_EXERCISE DIRECTIONS_
Please give back each line of the listing, unchanged in every word.

_TASK MATERIAL_
= = = =

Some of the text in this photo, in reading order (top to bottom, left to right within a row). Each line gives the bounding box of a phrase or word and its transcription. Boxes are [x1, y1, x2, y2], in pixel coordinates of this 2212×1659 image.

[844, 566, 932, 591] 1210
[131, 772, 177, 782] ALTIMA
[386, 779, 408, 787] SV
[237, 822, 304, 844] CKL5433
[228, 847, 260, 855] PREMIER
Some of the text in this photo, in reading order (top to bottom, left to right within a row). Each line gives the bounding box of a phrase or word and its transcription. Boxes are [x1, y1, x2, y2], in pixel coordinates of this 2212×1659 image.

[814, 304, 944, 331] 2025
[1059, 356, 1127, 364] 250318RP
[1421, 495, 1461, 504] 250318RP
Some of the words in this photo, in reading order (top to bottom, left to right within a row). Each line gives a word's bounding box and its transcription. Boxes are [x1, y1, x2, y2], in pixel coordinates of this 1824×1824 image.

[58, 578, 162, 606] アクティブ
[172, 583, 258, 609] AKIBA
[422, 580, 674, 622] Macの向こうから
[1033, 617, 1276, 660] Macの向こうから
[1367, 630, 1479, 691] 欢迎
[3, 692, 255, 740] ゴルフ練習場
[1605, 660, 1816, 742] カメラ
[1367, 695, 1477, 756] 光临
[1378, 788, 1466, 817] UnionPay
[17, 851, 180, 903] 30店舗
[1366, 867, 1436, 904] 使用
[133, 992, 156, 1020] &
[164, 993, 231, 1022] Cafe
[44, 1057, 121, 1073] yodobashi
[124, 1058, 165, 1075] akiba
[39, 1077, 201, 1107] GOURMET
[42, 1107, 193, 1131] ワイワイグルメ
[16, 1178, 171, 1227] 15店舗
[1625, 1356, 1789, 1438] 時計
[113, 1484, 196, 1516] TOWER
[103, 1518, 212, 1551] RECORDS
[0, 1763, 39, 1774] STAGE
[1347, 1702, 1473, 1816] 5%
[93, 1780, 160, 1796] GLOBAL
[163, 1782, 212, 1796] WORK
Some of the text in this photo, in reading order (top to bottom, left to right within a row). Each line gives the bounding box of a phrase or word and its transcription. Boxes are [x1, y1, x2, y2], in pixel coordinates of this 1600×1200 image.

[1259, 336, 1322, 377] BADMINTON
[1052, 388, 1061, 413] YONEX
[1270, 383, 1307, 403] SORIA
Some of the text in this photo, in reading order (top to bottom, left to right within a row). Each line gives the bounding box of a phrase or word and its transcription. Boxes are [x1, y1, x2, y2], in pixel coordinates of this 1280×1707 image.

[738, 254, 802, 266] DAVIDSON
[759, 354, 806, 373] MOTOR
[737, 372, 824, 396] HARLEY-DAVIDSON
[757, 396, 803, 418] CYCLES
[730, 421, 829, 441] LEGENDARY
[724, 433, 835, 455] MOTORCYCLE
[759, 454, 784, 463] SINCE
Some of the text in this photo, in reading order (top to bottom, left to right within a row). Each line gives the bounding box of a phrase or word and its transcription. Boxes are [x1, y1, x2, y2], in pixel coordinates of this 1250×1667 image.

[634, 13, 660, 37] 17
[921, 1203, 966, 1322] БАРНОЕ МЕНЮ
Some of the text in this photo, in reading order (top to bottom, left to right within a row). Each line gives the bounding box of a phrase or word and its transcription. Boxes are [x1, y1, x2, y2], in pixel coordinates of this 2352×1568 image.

= = = =

_EXPECTED ANSWER_
Some of the text in this photo, in reading order (top to bottom, left to right within a row). Each line gives the bounding box of a phrase or word and its transcription. Boxes are [x1, y1, x2, y2], in pixel coordinates of this 2212×1659 image.

[844, 566, 932, 591] 1210
[131, 772, 177, 782] ALTIMA
[386, 779, 408, 787] SV
[237, 822, 304, 844] CKL5433
[228, 847, 260, 855] PREMIER
Some of the text in this photo, in reading order (top to bottom, left to right within a row). Each line gives the bounding box of a phrase or word and its transcription. Boxes are [x1, y1, x2, y2], in pixel coordinates of this 2212×1659 image.

[814, 304, 944, 331] 2025
[1059, 356, 1127, 364] 250318RP
[1421, 495, 1461, 504] 250318RP
Some of the words in this photo, in reading order (top to bottom, left to right within a row). Each line gives a word's bounding box and its transcription. Boxes are [x1, y1, x2, y2], in pixel coordinates of this 1824×1824 image.

[58, 578, 162, 606] アクティブ
[172, 583, 258, 609] AKIBA
[422, 580, 674, 622] Macの向こうから
[1033, 617, 1276, 660] Macの向こうから
[1367, 630, 1479, 691] 欢迎
[3, 692, 255, 740] ゴルフ練習場
[1605, 660, 1816, 742] カメラ
[1367, 695, 1477, 756] 光临
[1378, 788, 1466, 817] UnionPay
[17, 851, 180, 903] 30店舗
[1366, 867, 1436, 904] 使用
[133, 992, 156, 1020] &
[164, 993, 231, 1022] Cafe
[44, 1057, 121, 1073] yodobashi
[124, 1058, 165, 1075] akiba
[39, 1077, 201, 1107] GOURMET
[42, 1107, 193, 1131] ワイワイグルメ
[16, 1178, 171, 1227] 15店舗
[1625, 1356, 1789, 1438] 時計
[113, 1484, 196, 1516] TOWER
[103, 1518, 212, 1551] RECORDS
[0, 1763, 39, 1774] STAGE
[1347, 1702, 1473, 1816] 5%
[93, 1780, 160, 1796] GLOBAL
[163, 1782, 212, 1796] WORK
Some of the text in this photo, in reading order (top to bottom, left to right within a row). Each line gives the bounding box of a phrase or word and its transcription. Boxes are [x1, y1, x2, y2], in pixel coordinates of this 1600×1200 image.

[1259, 336, 1322, 377] BADMINTON
[1052, 388, 1061, 413] YONEX
[1270, 383, 1307, 403] SORIA
Some of the text in this photo, in reading order (top to bottom, left to right within a row). Each line gives the bounding box of a phrase or word and its transcription. Boxes are [x1, y1, x2, y2], in pixel coordinates of this 1280×1707 image.

[738, 254, 802, 266] DAVIDSON
[759, 354, 806, 373] MOTOR
[737, 372, 824, 396] HARLEY-DAVIDSON
[757, 396, 803, 418] CYCLES
[730, 421, 829, 441] LEGENDARY
[724, 433, 835, 455] MOTORCYCLE
[759, 454, 784, 463] SINCE
Some of the text in this photo, in reading order (top to bottom, left to right within a row). Each line gives the bounding box of a phrase or word and its transcription. Boxes are [x1, y1, x2, y2], in pixel coordinates of this 1250×1667 image.

[634, 13, 660, 37] 17
[921, 1203, 966, 1322] БАРНОЕ МЕНЮ
Some of the text in this photo, in reading order (top to bottom, left to right within a row). Each line gives the bounding box of a phrase or word and its transcription. Boxes are [x1, y1, x2, y2], in pixel coordinates of this 2352×1568 image.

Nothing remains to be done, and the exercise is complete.